■ TASK BRIEF ■
What you return must match the data below exactly, minus any pictures.

■ EXERCISE DATA ■

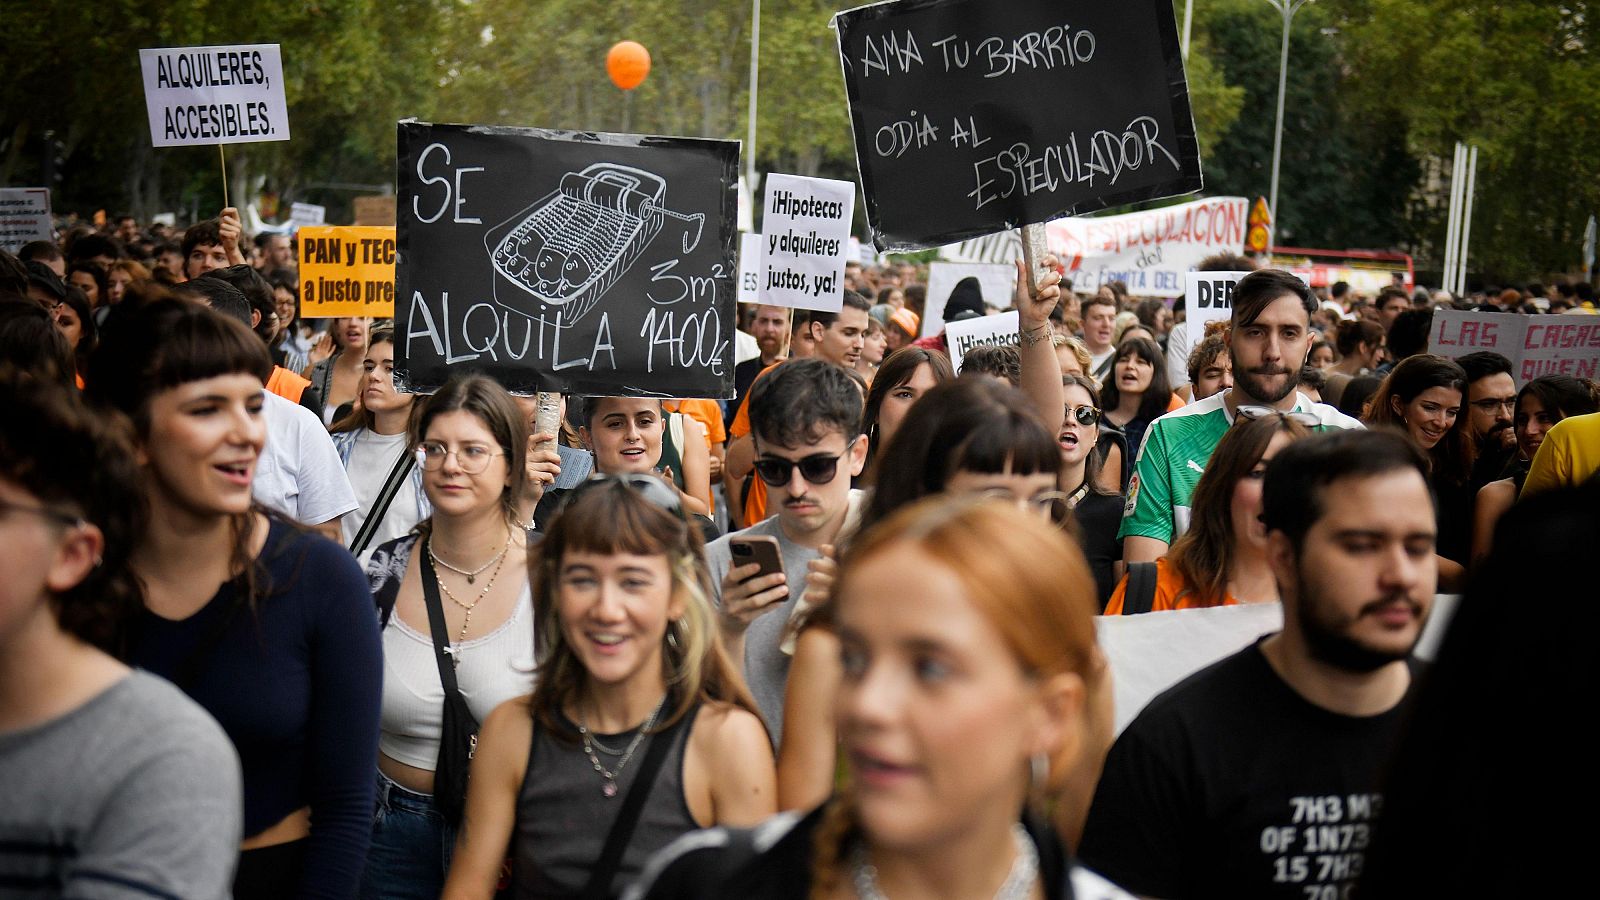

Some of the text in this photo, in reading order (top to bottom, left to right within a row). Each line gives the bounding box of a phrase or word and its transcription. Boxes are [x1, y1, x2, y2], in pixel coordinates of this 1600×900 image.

[861, 24, 1096, 78] AMA TU BARRIO
[157, 51, 270, 90] ALQUILERES,
[164, 101, 275, 140] ACCESIBLES.
[875, 110, 992, 159] ODIA AL
[967, 115, 1181, 210] ESPECULADOR
[413, 142, 485, 224] SE
[772, 190, 843, 220] ¡Hipotecas
[304, 238, 396, 267] PAN y TEC
[769, 229, 840, 258] y alquileres
[1135, 247, 1163, 268] del
[304, 276, 394, 305] a justo pre
[743, 272, 759, 291] ES
[766, 264, 837, 297] justos, ya!
[1154, 270, 1180, 290] DEL
[406, 290, 729, 376] ALQUILA 1400€
[1438, 320, 1600, 350] LAS CASAS
[1289, 796, 1343, 823] 7H3

■ WRITTEN RESPONSE ■
Some of the text in this photo, in reading order (top to bottom, left to right within a row). Each line gives the bounding box of a phrase or word and its transcription. Boxes are [x1, y1, x2, y2], in pixel coordinates of this 1600×900 image.

[861, 24, 1096, 78] AMA TU BARRIO
[157, 51, 270, 90] ALQUILERES,
[164, 101, 275, 140] ACCESIBLES.
[875, 110, 992, 159] ODIA AL
[967, 115, 1181, 210] ESPECULADOR
[413, 142, 485, 224] SE
[772, 190, 843, 220] ¡Hipotecas
[304, 238, 396, 267] PAN y TEC
[769, 229, 840, 258] y alquileres
[1135, 247, 1163, 268] del
[304, 276, 394, 305] a justo pre
[743, 272, 759, 291] ES
[766, 264, 837, 297] justos, ya!
[1154, 270, 1180, 290] DEL
[406, 290, 729, 376] ALQUILA 1400€
[1438, 320, 1600, 350] LAS CASAS
[1289, 796, 1343, 823] 7H3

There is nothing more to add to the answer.